BEGIN

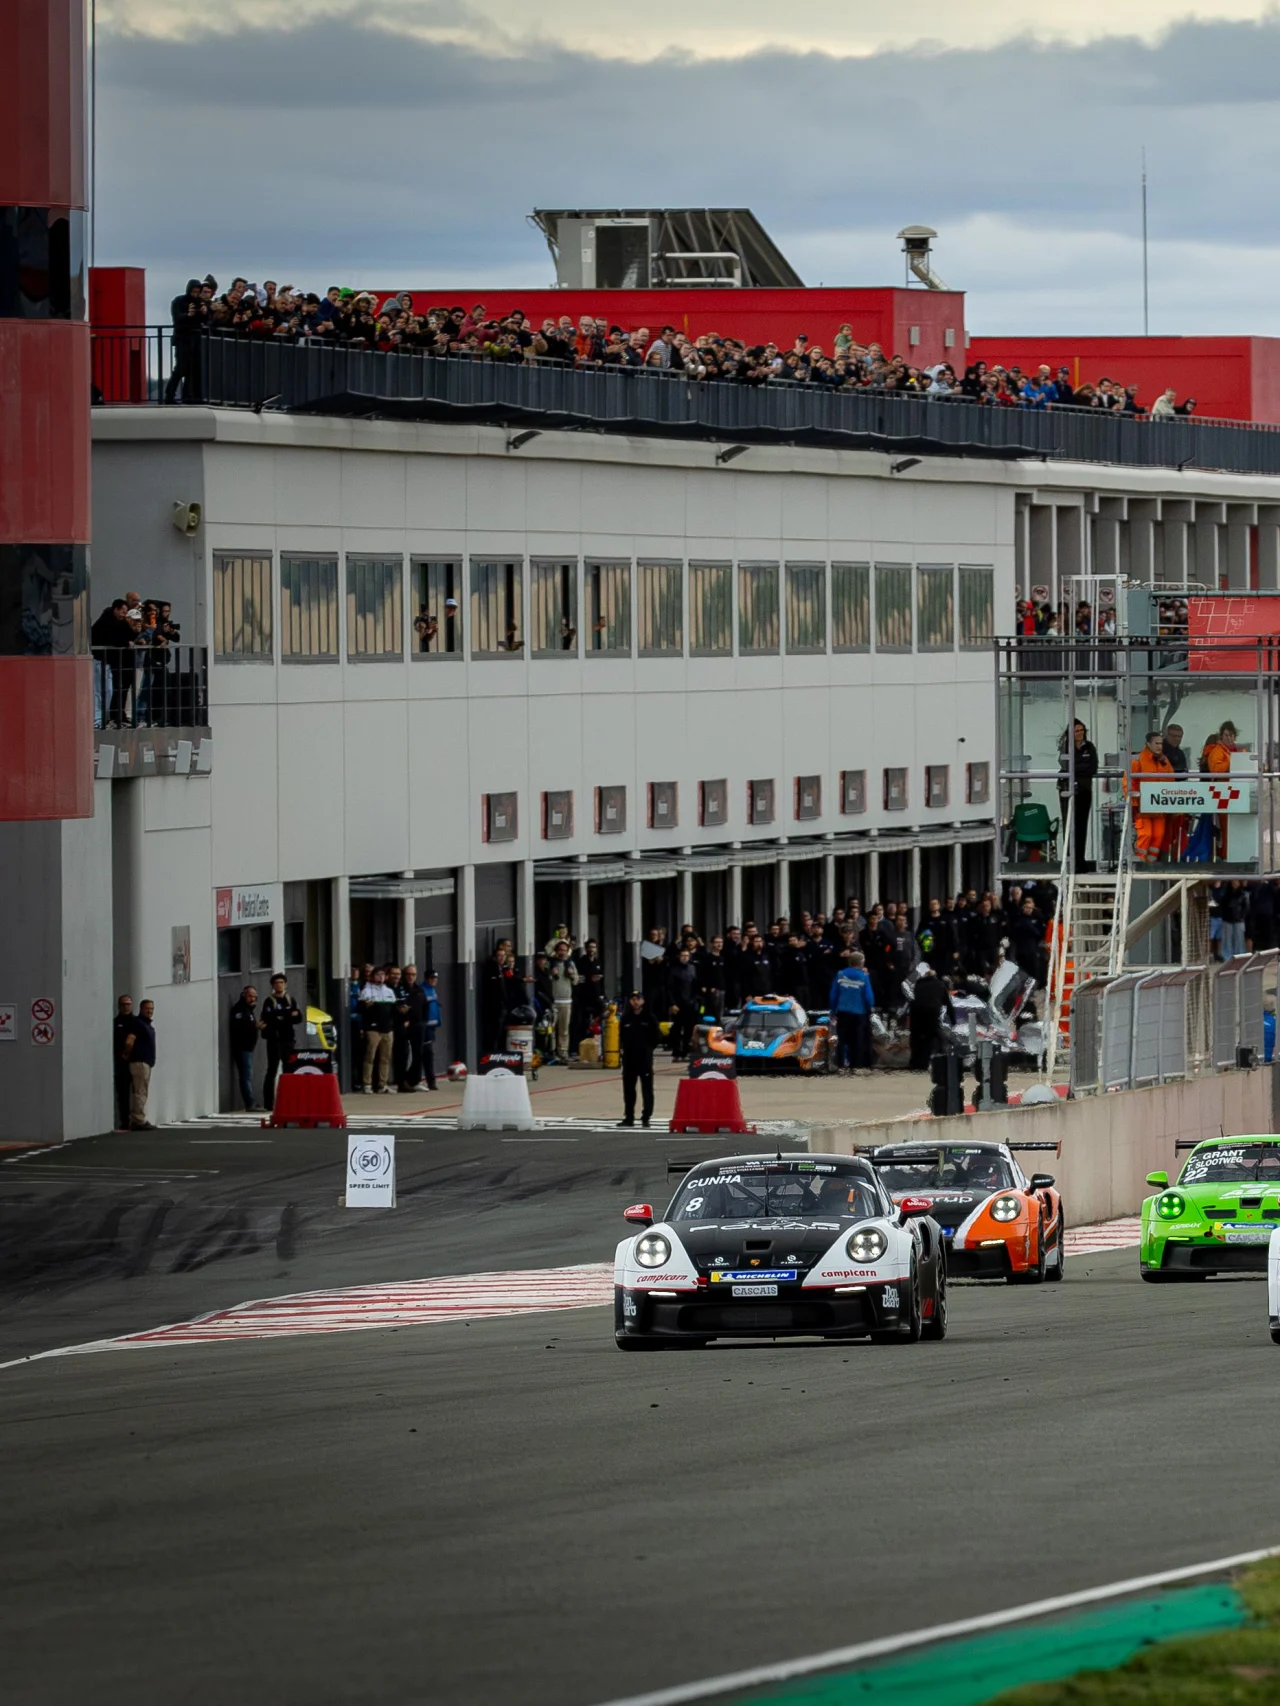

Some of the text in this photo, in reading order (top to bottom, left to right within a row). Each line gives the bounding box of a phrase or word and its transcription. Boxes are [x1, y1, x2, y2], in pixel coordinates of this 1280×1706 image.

[1161, 788, 1198, 796] Circuito de
[1150, 793, 1205, 806] Navarra
[362, 1155, 379, 1168] 50
[1189, 1149, 1246, 1164] C. GRANT
[1187, 1156, 1244, 1172] T. SLOOTWEG
[1183, 1167, 1209, 1183] 22
[687, 1175, 741, 1189] CUNHA
[685, 1197, 704, 1212] 8
[821, 1269, 877, 1279] campicarn
[733, 1286, 777, 1296] CASCAIS

END

▶ [Task to carry out]
Take the entries above and restate them word for word, minus their images.

▶ [Answer for the task]
Some of the text in this photo, in reading order (top to bottom, left to right within a row). Each line gives the bounding box of a phrase or word and its transcription. Boxes are [x1, y1, x2, y2], in pixel coordinates of this 1280×1706 image.

[1161, 788, 1198, 796] Circuito de
[1150, 793, 1205, 806] Navarra
[362, 1155, 379, 1168] 50
[1189, 1149, 1246, 1164] C. GRANT
[1187, 1156, 1244, 1172] T. SLOOTWEG
[1183, 1167, 1209, 1183] 22
[687, 1175, 741, 1189] CUNHA
[685, 1197, 704, 1212] 8
[821, 1269, 877, 1279] campicarn
[733, 1286, 777, 1296] CASCAIS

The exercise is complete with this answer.